_Exercise_
An exact copy of every entry below is required, and no picture may appear in it.

_Recorded information_
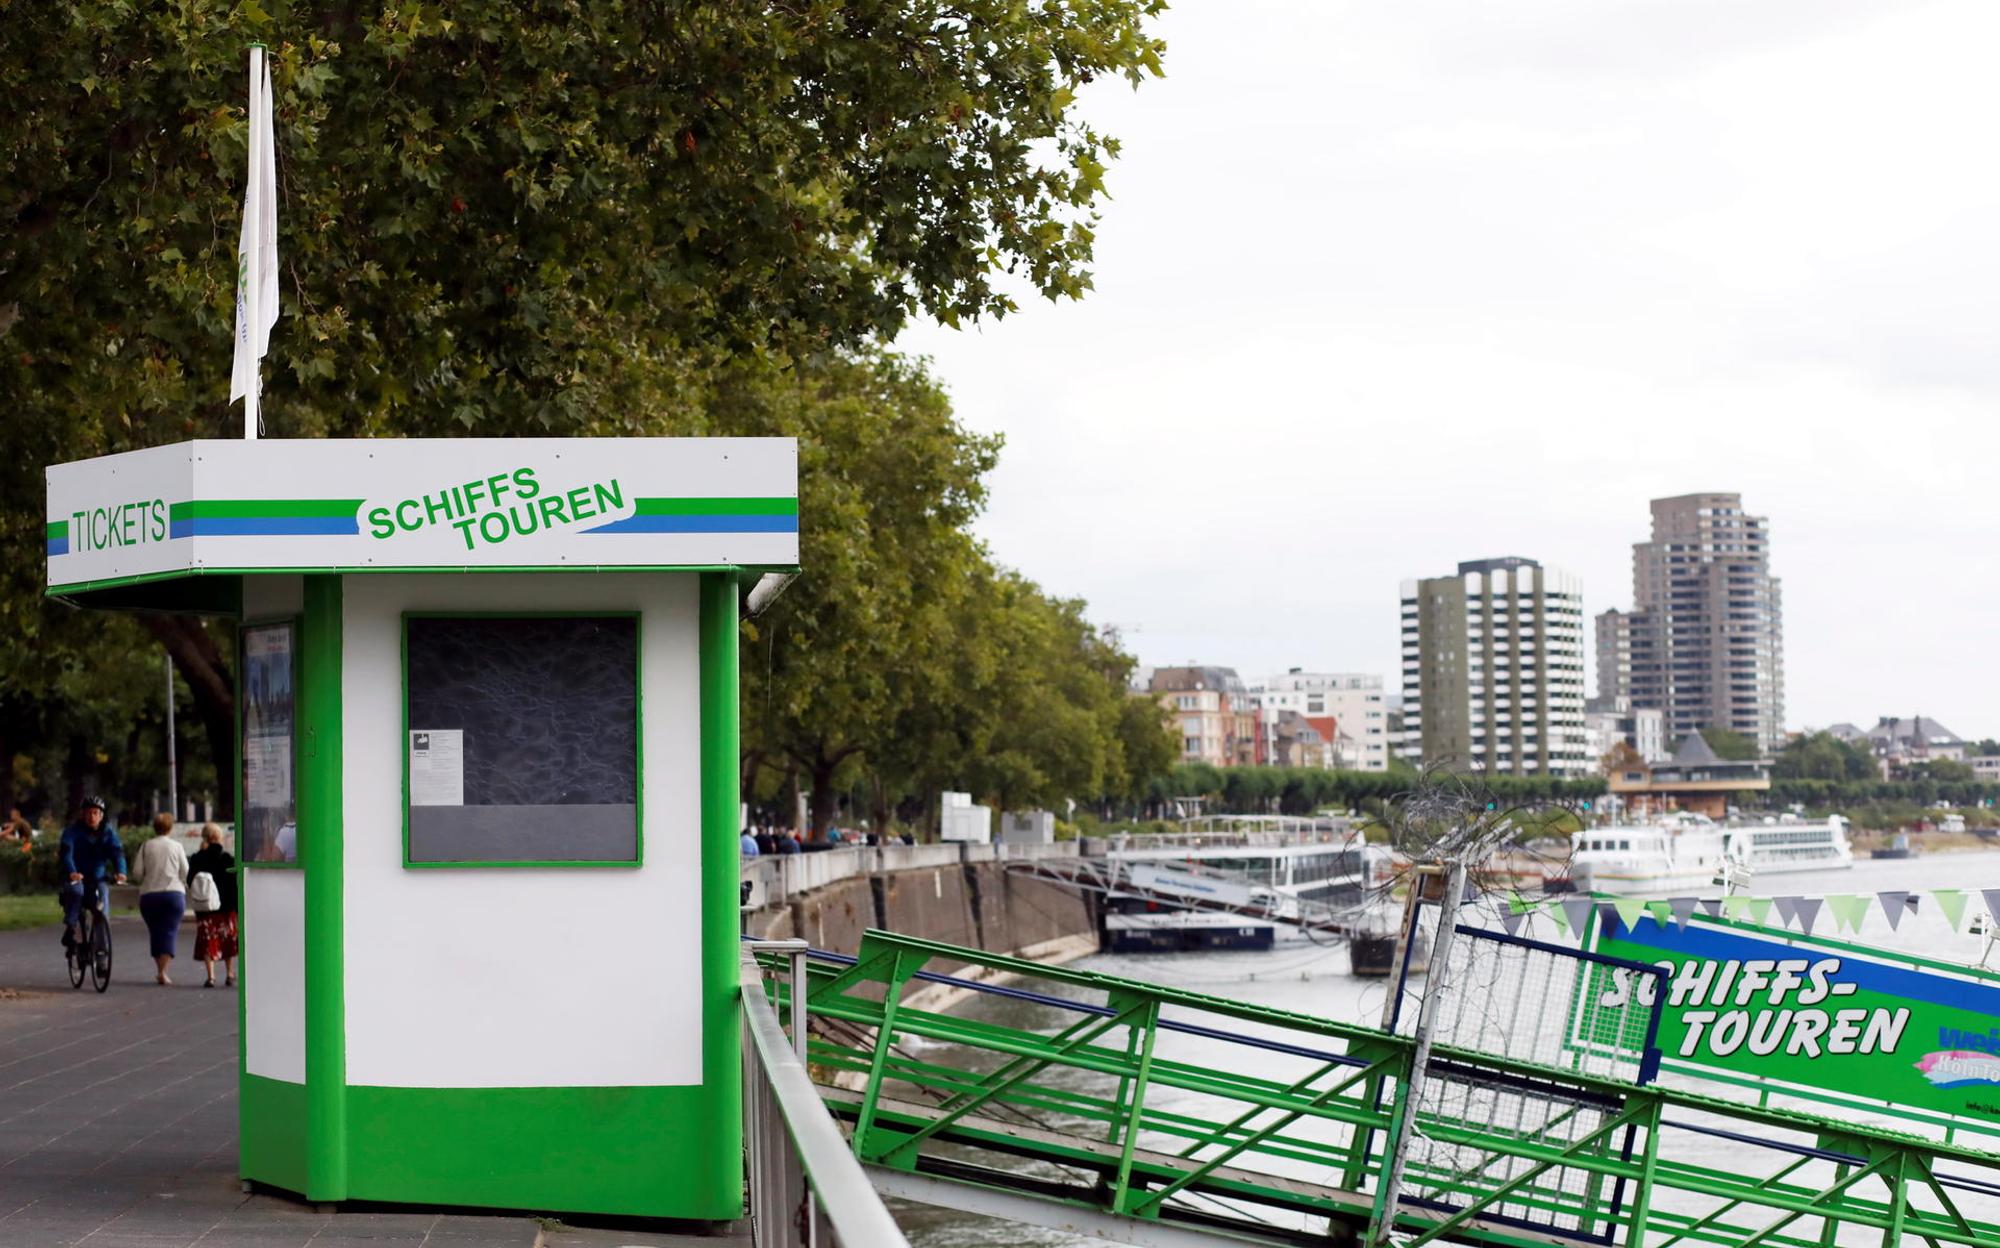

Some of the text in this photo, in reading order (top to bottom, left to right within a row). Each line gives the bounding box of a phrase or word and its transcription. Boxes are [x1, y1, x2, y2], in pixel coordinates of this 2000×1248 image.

[72, 498, 165, 552] TICKETS
[368, 467, 540, 539] SCHIFFS
[452, 479, 624, 551] TOUREN
[1600, 958, 1858, 1008] SCHIFFS-
[1678, 1007, 1911, 1059] TOUREN
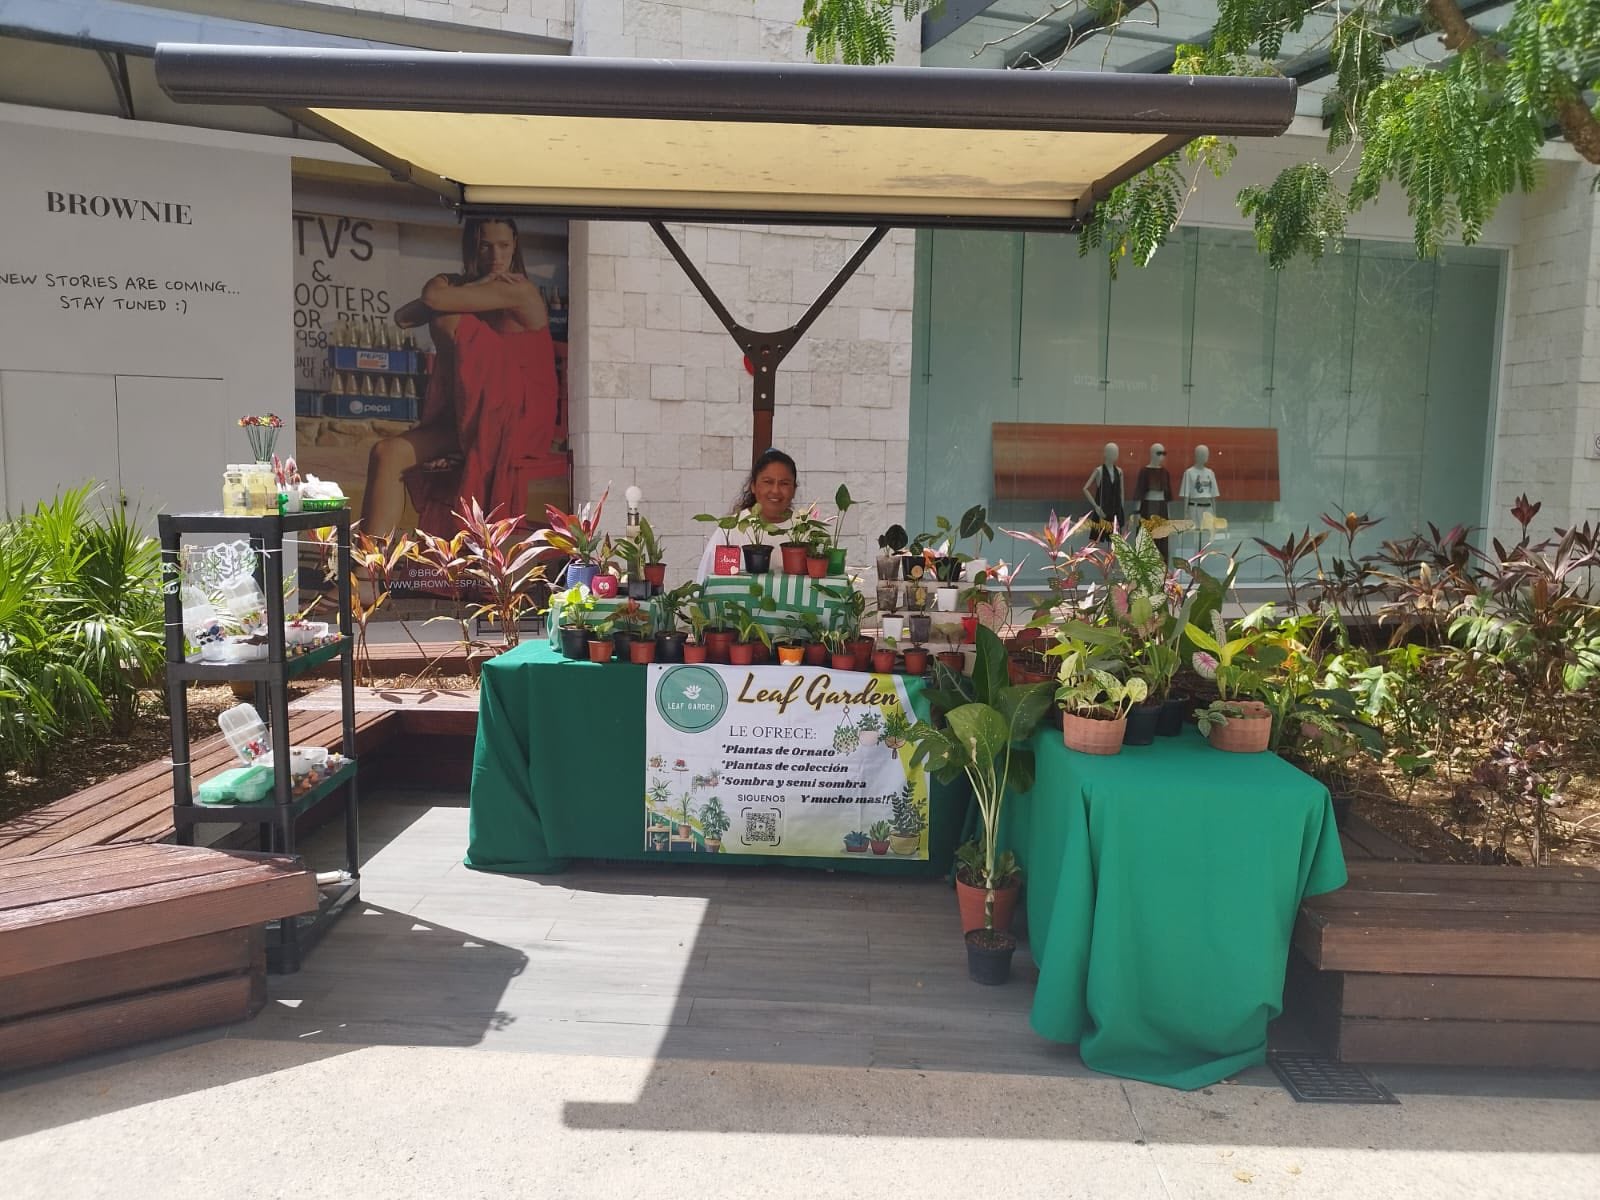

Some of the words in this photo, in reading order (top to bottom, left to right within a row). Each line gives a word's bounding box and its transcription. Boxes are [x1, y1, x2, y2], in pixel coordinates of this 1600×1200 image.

[47, 191, 192, 225] BROWNIE
[293, 215, 373, 261] TV'S
[311, 260, 332, 282] &
[0, 273, 37, 285] NEW
[45, 273, 118, 289] STORIES
[125, 277, 158, 291] ARE
[165, 280, 240, 295] COMING...
[60, 295, 105, 310] STAY
[113, 298, 166, 312] TUNED
[175, 300, 187, 314] :)
[294, 283, 391, 314] OOTERS
[293, 309, 322, 329] OR
[363, 402, 391, 413] pepsi
[737, 671, 804, 714] Leaf
[805, 674, 899, 711] Garden
[667, 702, 684, 711] LEAF
[688, 703, 716, 711] GARDEN
[729, 725, 748, 737] LE
[752, 726, 817, 740] OFRECE:
[775, 745, 790, 756] de
[791, 747, 835, 757] Ornato
[775, 761, 790, 771] de
[791, 761, 849, 773] colección
[775, 779, 785, 789] y
[786, 778, 817, 788] semi
[818, 780, 867, 789] sombra
[737, 794, 786, 803] SIGUENOS
[800, 795, 811, 803] Y
[809, 795, 855, 804] mucho

_Written response_
Some of the text in this photo, in reading order (top to bottom, left to right within a row). Each line gives the bounding box of a phrase or word and its transcription. Boxes are [x1, y1, x2, y2], in pixel coordinates of this 2000×1248 image.

[72, 498, 165, 552] TICKETS
[368, 467, 540, 539] SCHIFFS
[452, 479, 624, 551] TOUREN
[1600, 958, 1858, 1008] SCHIFFS-
[1678, 1007, 1911, 1059] TOUREN

Some of the words in this photo, in reading order (top to bottom, left to right within a row). Each line gives a word's bounding box and its transcription. Boxes are [x1, y1, x2, y2], in pixel coordinates of this 1600×1200 image.

[47, 191, 192, 225] BROWNIE
[293, 215, 373, 261] TV'S
[311, 260, 332, 282] &
[0, 273, 37, 285] NEW
[45, 273, 118, 289] STORIES
[125, 277, 158, 291] ARE
[165, 280, 240, 295] COMING...
[60, 295, 105, 310] STAY
[113, 298, 166, 312] TUNED
[175, 300, 187, 314] :)
[294, 283, 391, 314] OOTERS
[293, 309, 322, 329] OR
[363, 402, 391, 413] pepsi
[737, 671, 804, 714] Leaf
[805, 674, 899, 711] Garden
[667, 702, 684, 711] LEAF
[688, 703, 716, 711] GARDEN
[729, 725, 748, 737] LE
[752, 726, 817, 740] OFRECE:
[775, 745, 790, 756] de
[791, 747, 835, 757] Ornato
[775, 761, 790, 771] de
[791, 761, 849, 773] colección
[775, 779, 785, 789] y
[786, 778, 817, 788] semi
[818, 780, 867, 789] sombra
[737, 794, 786, 803] SIGUENOS
[800, 795, 811, 803] Y
[809, 795, 855, 804] mucho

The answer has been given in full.